LISTED ENTRIES:

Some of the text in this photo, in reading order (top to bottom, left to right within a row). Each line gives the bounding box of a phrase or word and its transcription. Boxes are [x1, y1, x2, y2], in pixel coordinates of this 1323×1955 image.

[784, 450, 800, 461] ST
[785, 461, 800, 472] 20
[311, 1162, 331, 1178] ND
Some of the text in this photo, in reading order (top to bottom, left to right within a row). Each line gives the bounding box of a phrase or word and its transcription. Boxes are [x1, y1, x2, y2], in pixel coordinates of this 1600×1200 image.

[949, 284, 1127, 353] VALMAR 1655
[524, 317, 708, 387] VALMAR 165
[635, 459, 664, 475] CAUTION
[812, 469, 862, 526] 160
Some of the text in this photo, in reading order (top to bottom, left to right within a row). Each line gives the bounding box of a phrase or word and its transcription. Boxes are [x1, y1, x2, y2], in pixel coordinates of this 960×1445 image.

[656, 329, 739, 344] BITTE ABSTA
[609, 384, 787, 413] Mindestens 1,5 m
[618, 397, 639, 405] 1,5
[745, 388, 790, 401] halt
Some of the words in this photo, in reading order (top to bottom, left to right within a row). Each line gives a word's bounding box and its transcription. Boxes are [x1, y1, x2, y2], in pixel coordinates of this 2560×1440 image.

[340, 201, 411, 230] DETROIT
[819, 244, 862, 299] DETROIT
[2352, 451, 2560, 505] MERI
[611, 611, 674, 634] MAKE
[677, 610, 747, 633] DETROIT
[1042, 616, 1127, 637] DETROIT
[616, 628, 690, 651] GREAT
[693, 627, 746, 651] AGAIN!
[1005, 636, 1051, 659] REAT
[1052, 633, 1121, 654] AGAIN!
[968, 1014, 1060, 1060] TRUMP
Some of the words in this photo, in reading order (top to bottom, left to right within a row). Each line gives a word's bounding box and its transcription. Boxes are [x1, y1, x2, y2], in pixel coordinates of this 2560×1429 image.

ASSIGNMENT:
Return, unchanged, each line from the line containing "this 2560×1440 image." through the last line of the material.

SOLUTION TO THE EXERCISE:
Some of the words in this photo, in reading order (top to bottom, left to right within a row). Each line gives a word's bounding box and its transcription. Boxes are [x1, y1, x2, y2], in pixel coordinates of this 2560×1440 image.

[340, 201, 411, 230] DETROIT
[819, 244, 862, 299] DETROIT
[2352, 451, 2560, 505] MERI
[611, 611, 674, 634] MAKE
[677, 610, 747, 633] DETROIT
[1042, 616, 1127, 637] DETROIT
[616, 628, 690, 651] GREAT
[693, 627, 746, 651] AGAIN!
[1005, 636, 1051, 659] REAT
[1052, 633, 1121, 654] AGAIN!
[968, 1014, 1060, 1060] TRUMP
Some of the words in this photo, in reading order (top to bottom, left to right within a row). Each line gives a word's bounding box and its transcription. Boxes are [x1, y1, x2, y2], in pixel coordinates of this 2560×1429 image.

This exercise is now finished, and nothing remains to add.